Exercise brief: Copy nothing but the lines from the one containing "this 960×1343 image." through the last line of the entries below, exactly as written and without pictures.

[Given records — start]

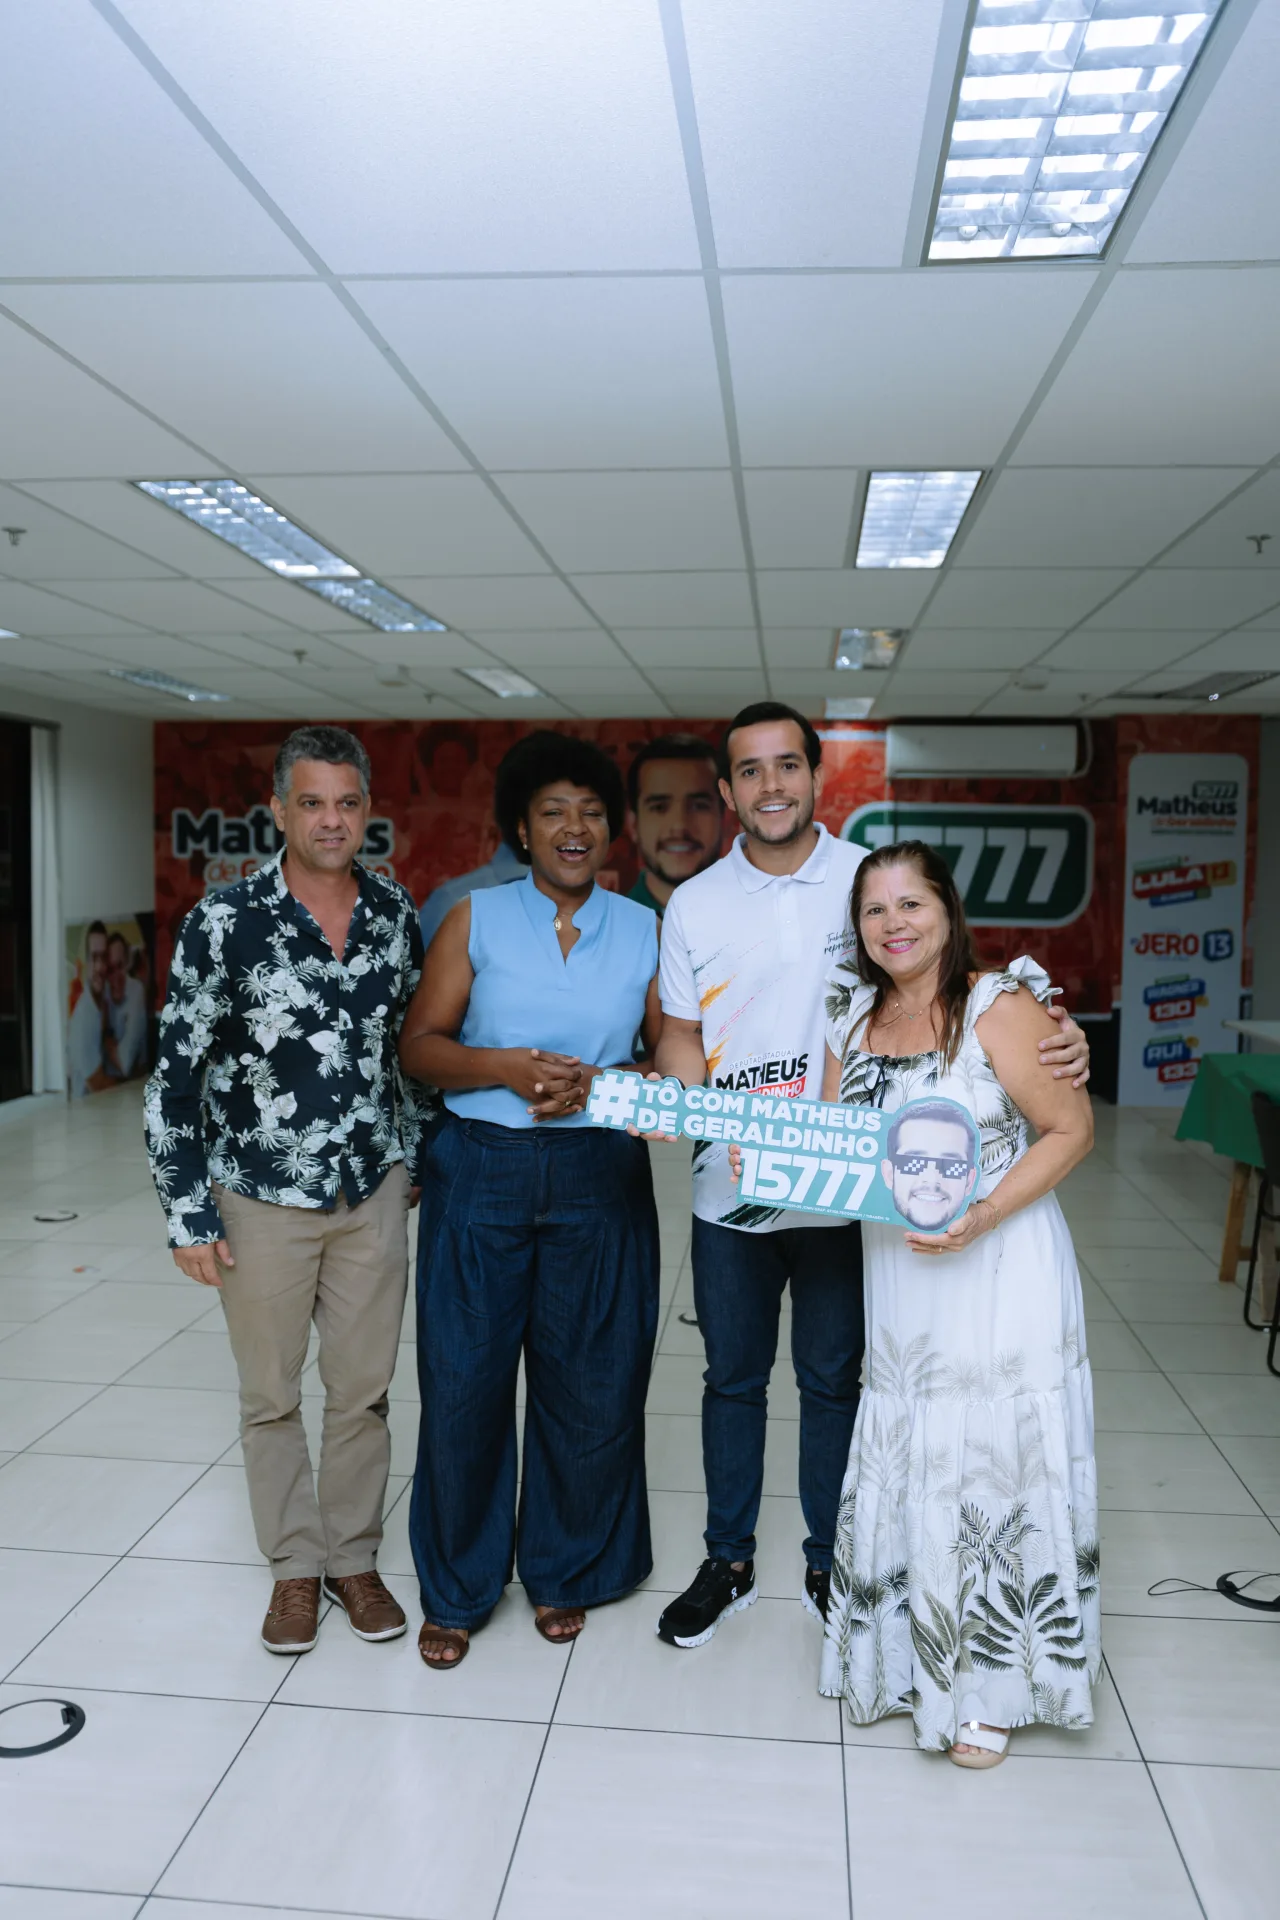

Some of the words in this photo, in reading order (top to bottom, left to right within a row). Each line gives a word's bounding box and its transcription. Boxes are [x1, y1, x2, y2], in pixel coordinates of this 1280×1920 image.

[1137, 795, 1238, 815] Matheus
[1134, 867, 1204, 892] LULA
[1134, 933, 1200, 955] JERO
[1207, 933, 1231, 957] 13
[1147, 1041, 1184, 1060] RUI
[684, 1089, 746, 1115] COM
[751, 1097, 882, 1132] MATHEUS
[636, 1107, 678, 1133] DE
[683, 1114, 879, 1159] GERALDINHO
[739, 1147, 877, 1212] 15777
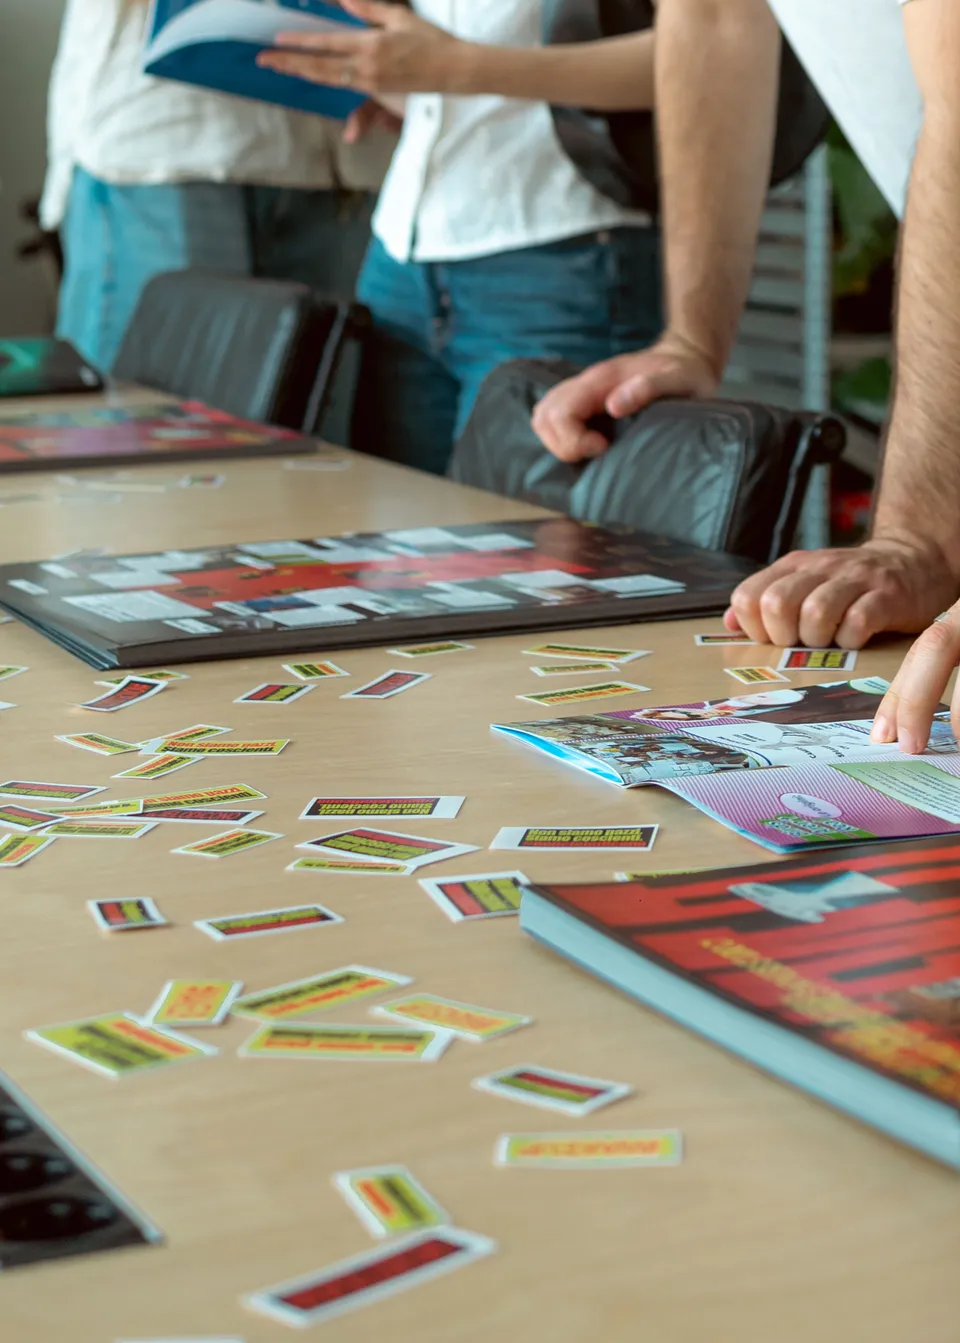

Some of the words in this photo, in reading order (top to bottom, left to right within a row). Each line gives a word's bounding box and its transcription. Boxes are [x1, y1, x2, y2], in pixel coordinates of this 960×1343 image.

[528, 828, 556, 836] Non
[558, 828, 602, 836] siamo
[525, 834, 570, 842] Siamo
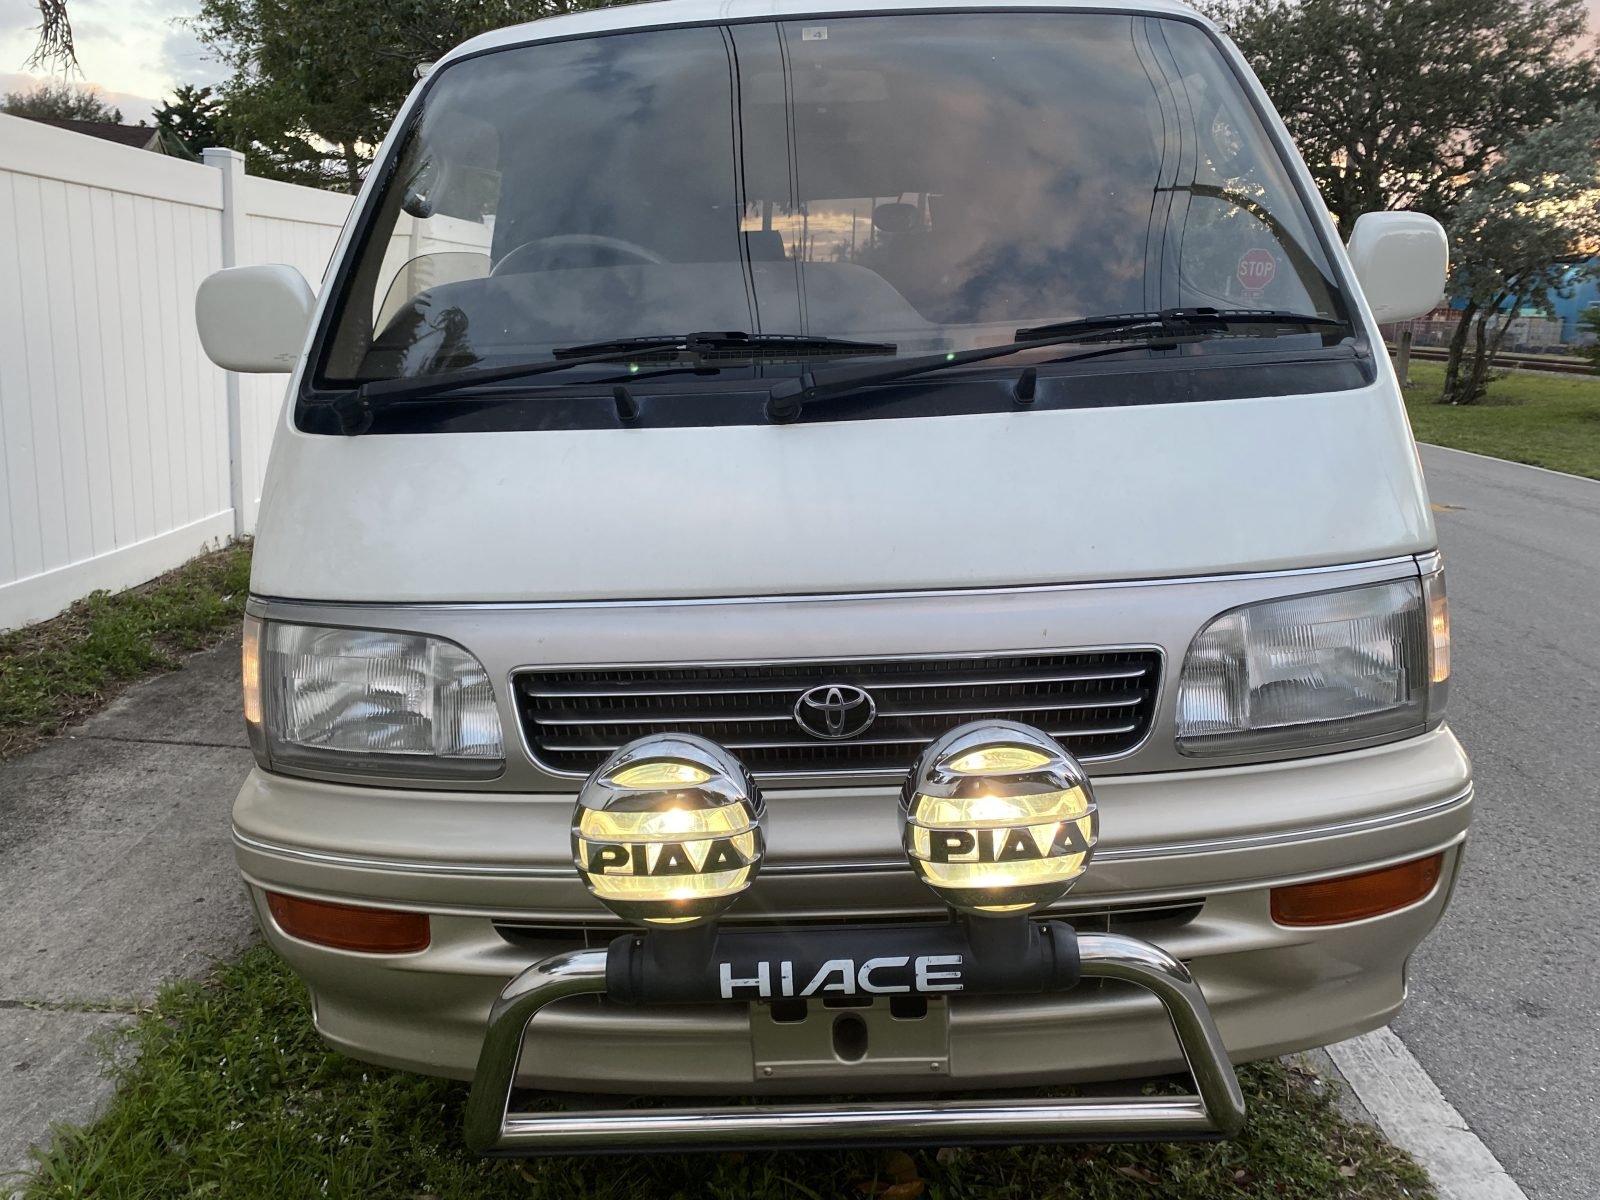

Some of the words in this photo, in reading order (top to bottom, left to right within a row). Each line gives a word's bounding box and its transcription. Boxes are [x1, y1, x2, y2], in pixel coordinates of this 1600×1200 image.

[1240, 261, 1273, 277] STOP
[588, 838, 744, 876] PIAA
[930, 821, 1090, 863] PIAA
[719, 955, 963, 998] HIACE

[Given records — finish]

Reply to the task:
Some of the words in this photo, in reading order (top to bottom, left to right within a row). Each line gives a word's bounding box and its transcription. Boxes are [x1, y1, x2, y2], in pixel coordinates of this 960×1343 image.

[528, 828, 556, 836] Non
[558, 828, 602, 836] siamo
[525, 834, 570, 842] Siamo

Some of the words in this photo, in reading order (top to bottom, left to right within a row). Each line gives a word's bounding box and its transcription. Boxes are [x1, y1, x2, y2], in pixel coordinates of this 1600×1200 image.

[1240, 261, 1273, 277] STOP
[588, 838, 744, 876] PIAA
[930, 821, 1090, 863] PIAA
[719, 955, 963, 998] HIACE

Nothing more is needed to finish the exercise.